Per chi non fosse riuscitə (questa vocale, che si chiama “scivà” o schwa, si pronuncia come l’articolo indeterminativo inglese “a” e rappresenta un po’ l’umami delle vocali) a partecipare alla conferenza “Si narra che esista un centro raccolta per le leggende metropolitane” organizzata dallo scrittore Paolo Toselli e dalla docente universitaria Laura Bonato che si è tenuta al Museo della Gambarina lo scorso 18 ottobre, una delle leggende protagoniste della serata, semplicemente per la quantità di varianti e la presenza di filmati e foto che sembravano confermarne la veridicità, è stata quella degli amanti incastrati.

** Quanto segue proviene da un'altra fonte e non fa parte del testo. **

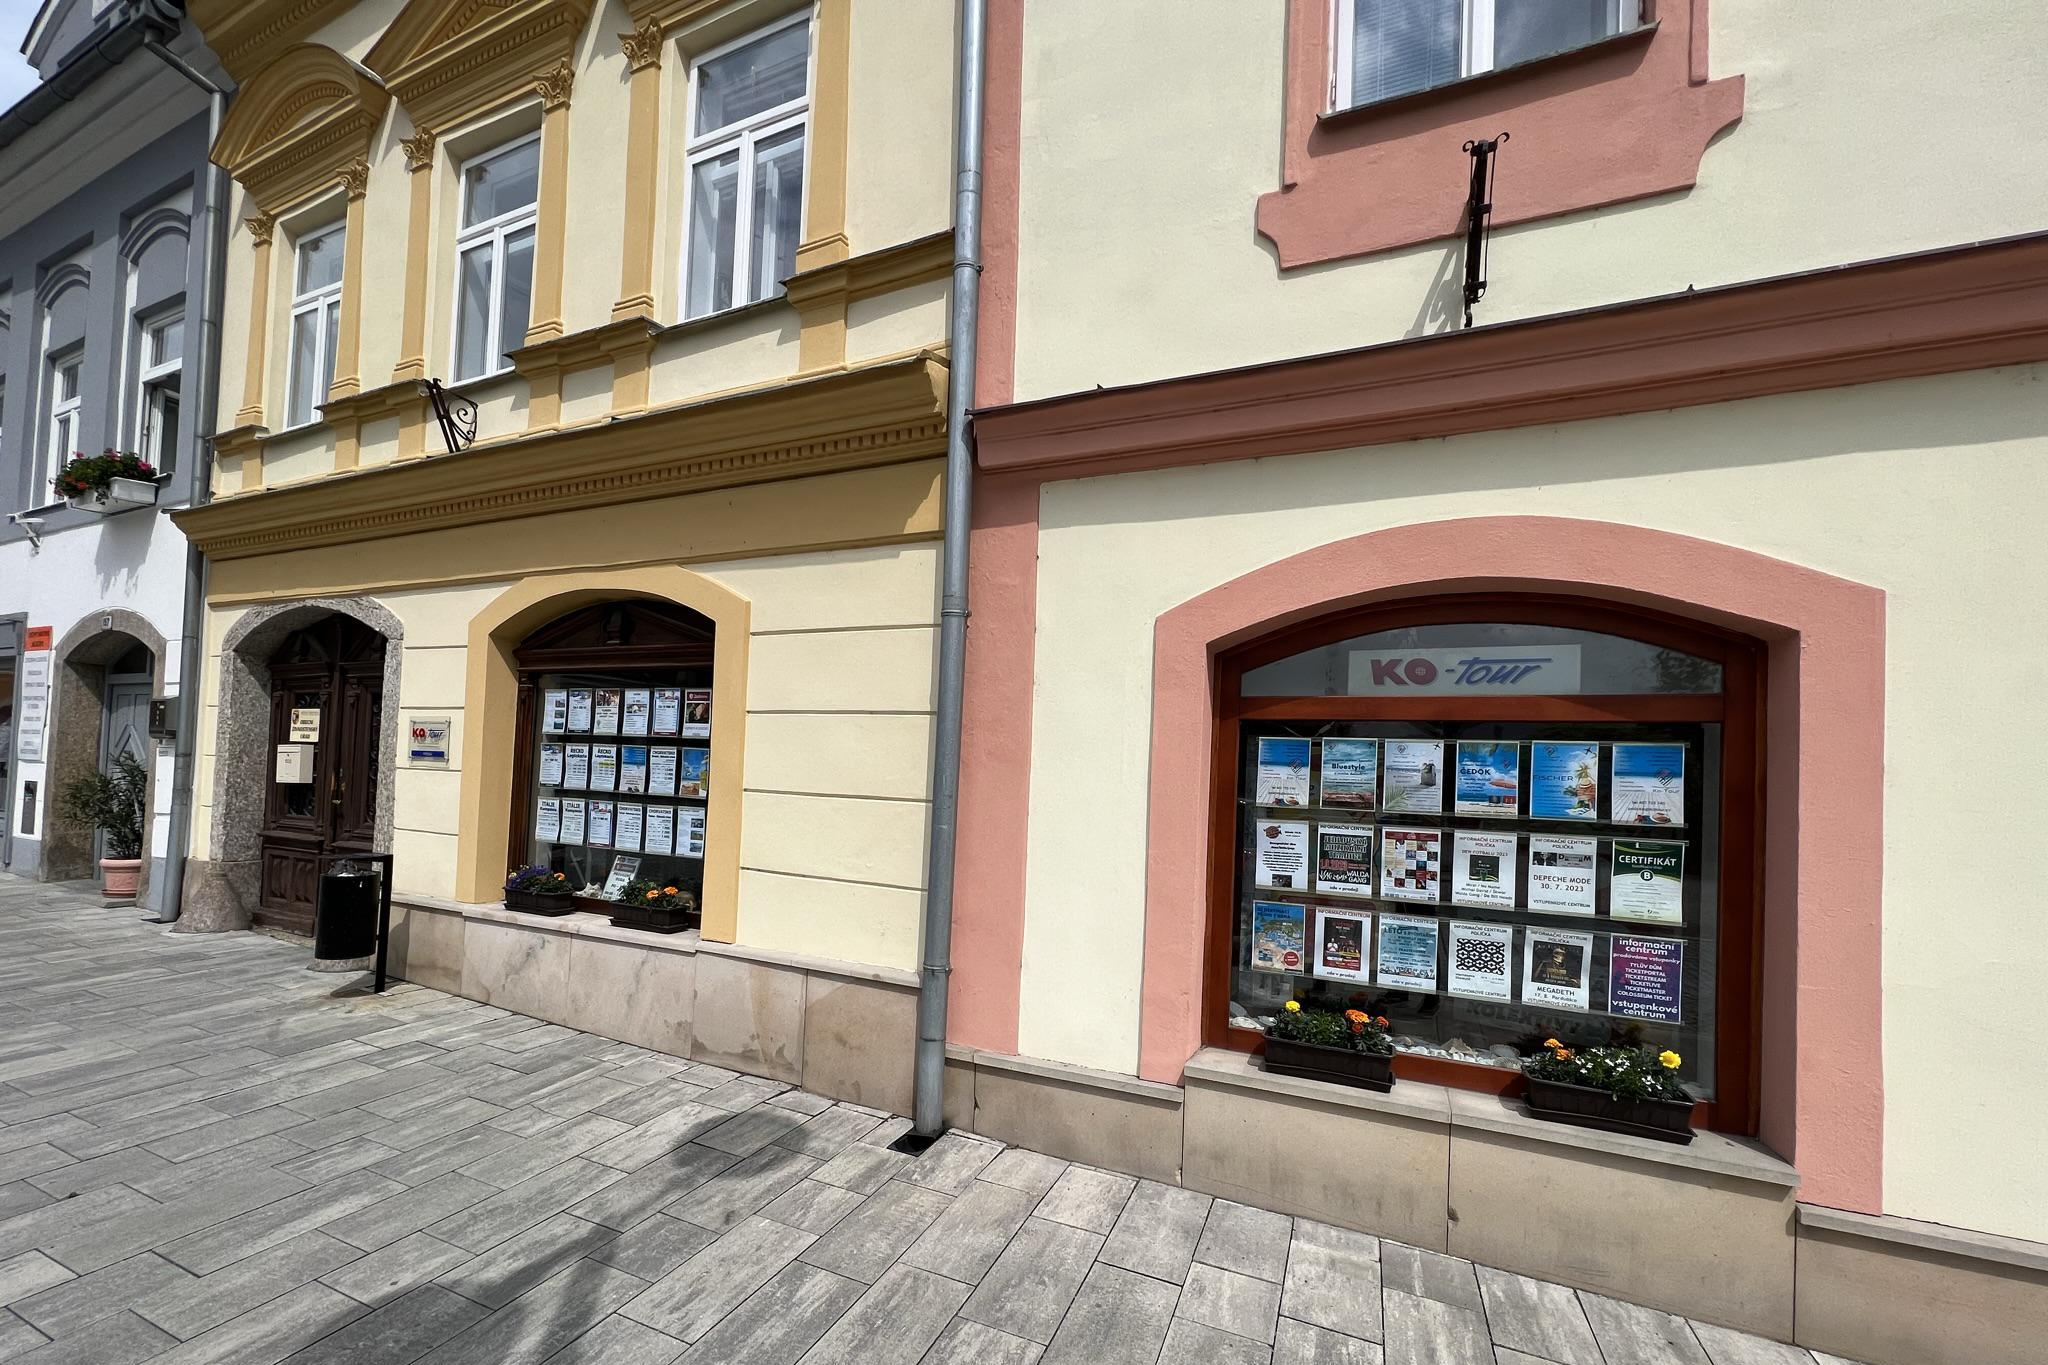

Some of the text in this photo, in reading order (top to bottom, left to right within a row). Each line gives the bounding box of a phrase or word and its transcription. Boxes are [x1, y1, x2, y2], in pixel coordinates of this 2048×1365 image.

In pratica la storia riguarda due amanti, tendenzialmente in una relazione clandestina, che durante un rapporto intimo restano incastrati. Questa situazione è solitamente risolta con preghiere, rituali o punture rilassanti in pronto soccorso e la colpa ricade quasi sempre sulla donna, quasi sempre sposata. Si è parlato, tra le altre cose, proprio di come queste storie spesso e volentieri illustrino le donne come volubili, infedeli, spesso in una luce negativa e di come una delle grandi paure che si celano dietro a questa leggenda in particolare sia, oltre al tradimento e tutte le altre paure che si possono estrapolare, se andiamo ad analizzare il pattern con cui questa storia si evolve a prescindere dal Paese in cui la si incontra, la castrazione. E quindi, aggiungo io, la virilità, l’unico aspetto (almeno in un’ottica più semplicistica) tangibile della validità della propria mascolinità e predominanza, con tutto quello che ne consegue.

Prima di andare avanti voglio introdurre una breve spiegazione di cosa andremo a discutere: è da anni che in spazi più o meno ristretti della sinistra (a livello internazionale, si intende) si stanno creando discussioni riguardo alle fondamenta inique e discriminatorie su cui si fondano molte società di tutto il mondo. Infatti grazie ad Internet ed una maggiore conoscenza della lingua inglese tra i giovani, stanno emergendo anche qui concetti tipici dei discorsi progressisti che puntano ad un panorama sociale più livellato e meno gerarchico, in cui ogni individuo sia rispettato per le proprie caratteristiche e cultura e diventi nel contempo parte del tutto, della cittadinanza. In pratica, un futuro veramente democratico, in cui gli spazi di tutti sono calibrati e combaciano come i pezzi di un bel mosaico.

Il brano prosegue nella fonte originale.